[YOUR OBJECTIVE]
The records below should be set down in full, please, without any change.

[MATERIAL FOR THIS TASK]

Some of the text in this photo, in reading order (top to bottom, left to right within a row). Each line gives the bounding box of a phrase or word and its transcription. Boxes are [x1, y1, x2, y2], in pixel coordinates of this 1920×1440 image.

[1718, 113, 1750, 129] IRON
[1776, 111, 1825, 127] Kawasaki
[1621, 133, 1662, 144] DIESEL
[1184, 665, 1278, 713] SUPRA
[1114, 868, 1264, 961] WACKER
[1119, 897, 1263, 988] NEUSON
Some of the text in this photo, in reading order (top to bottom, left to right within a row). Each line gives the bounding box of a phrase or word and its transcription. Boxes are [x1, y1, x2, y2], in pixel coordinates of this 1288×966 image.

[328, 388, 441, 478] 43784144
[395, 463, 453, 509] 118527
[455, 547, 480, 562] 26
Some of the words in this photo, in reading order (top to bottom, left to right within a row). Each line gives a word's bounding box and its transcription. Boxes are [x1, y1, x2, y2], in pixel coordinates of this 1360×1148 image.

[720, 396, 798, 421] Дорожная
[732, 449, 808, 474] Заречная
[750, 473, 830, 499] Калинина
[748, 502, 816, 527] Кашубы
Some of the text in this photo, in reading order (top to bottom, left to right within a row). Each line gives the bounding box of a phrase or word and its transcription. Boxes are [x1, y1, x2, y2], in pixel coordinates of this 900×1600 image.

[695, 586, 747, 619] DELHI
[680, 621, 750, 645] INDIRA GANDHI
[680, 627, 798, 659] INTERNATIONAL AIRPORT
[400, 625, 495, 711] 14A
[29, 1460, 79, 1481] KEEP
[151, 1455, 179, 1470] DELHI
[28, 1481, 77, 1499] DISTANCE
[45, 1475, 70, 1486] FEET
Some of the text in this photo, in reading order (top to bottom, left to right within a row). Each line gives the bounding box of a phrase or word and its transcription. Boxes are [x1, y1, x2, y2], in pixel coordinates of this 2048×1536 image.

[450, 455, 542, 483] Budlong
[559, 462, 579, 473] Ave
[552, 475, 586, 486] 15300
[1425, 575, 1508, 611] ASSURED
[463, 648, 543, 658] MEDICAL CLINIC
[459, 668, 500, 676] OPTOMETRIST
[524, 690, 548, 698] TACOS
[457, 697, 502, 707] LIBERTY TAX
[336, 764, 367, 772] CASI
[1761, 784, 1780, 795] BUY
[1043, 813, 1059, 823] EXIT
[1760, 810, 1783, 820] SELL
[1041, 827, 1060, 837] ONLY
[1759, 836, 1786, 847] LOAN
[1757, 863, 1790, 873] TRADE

[EXERCISE SOLUTION]
Some of the text in this photo, in reading order (top to bottom, left to right within a row). Each line gives the bounding box of a phrase or word and its transcription. Boxes are [x1, y1, x2, y2], in pixel coordinates of this 1920×1440 image.

[1718, 113, 1750, 129] IRON
[1776, 111, 1825, 127] Kawasaki
[1621, 133, 1662, 144] DIESEL
[1184, 665, 1278, 713] SUPRA
[1114, 868, 1264, 961] WACKER
[1119, 897, 1263, 988] NEUSON
Some of the text in this photo, in reading order (top to bottom, left to right within a row). Each line gives the bounding box of a phrase or word and its transcription. Boxes are [x1, y1, x2, y2], in pixel coordinates of this 1288×966 image.

[328, 388, 441, 478] 43784144
[395, 463, 453, 509] 118527
[455, 547, 480, 562] 26
Some of the words in this photo, in reading order (top to bottom, left to right within a row). Each line gives a word's bounding box and its transcription. Boxes are [x1, y1, x2, y2], in pixel coordinates of this 1360×1148 image.

[720, 396, 798, 421] Дорожная
[732, 449, 808, 474] Заречная
[750, 473, 830, 499] Калинина
[748, 502, 816, 527] Кашубы
Some of the text in this photo, in reading order (top to bottom, left to right within a row). Each line gives the bounding box of a phrase or word and its transcription. Boxes are [x1, y1, x2, y2], in pixel coordinates of this 900×1600 image.

[695, 586, 747, 619] DELHI
[680, 621, 750, 645] INDIRA GANDHI
[680, 627, 798, 659] INTERNATIONAL AIRPORT
[400, 625, 495, 711] 14A
[29, 1460, 79, 1481] KEEP
[151, 1455, 179, 1470] DELHI
[28, 1481, 77, 1499] DISTANCE
[45, 1475, 70, 1486] FEET
Some of the text in this photo, in reading order (top to bottom, left to right within a row). Each line gives the bounding box of a phrase or word and its transcription. Boxes are [x1, y1, x2, y2], in pixel coordinates of this 2048×1536 image.

[450, 455, 542, 483] Budlong
[559, 462, 579, 473] Ave
[552, 475, 586, 486] 15300
[1425, 575, 1508, 611] ASSURED
[463, 648, 543, 658] MEDICAL CLINIC
[459, 668, 500, 676] OPTOMETRIST
[524, 690, 548, 698] TACOS
[457, 697, 502, 707] LIBERTY TAX
[336, 764, 367, 772] CASI
[1761, 784, 1780, 795] BUY
[1043, 813, 1059, 823] EXIT
[1760, 810, 1783, 820] SELL
[1041, 827, 1060, 837] ONLY
[1759, 836, 1786, 847] LOAN
[1757, 863, 1790, 873] TRADE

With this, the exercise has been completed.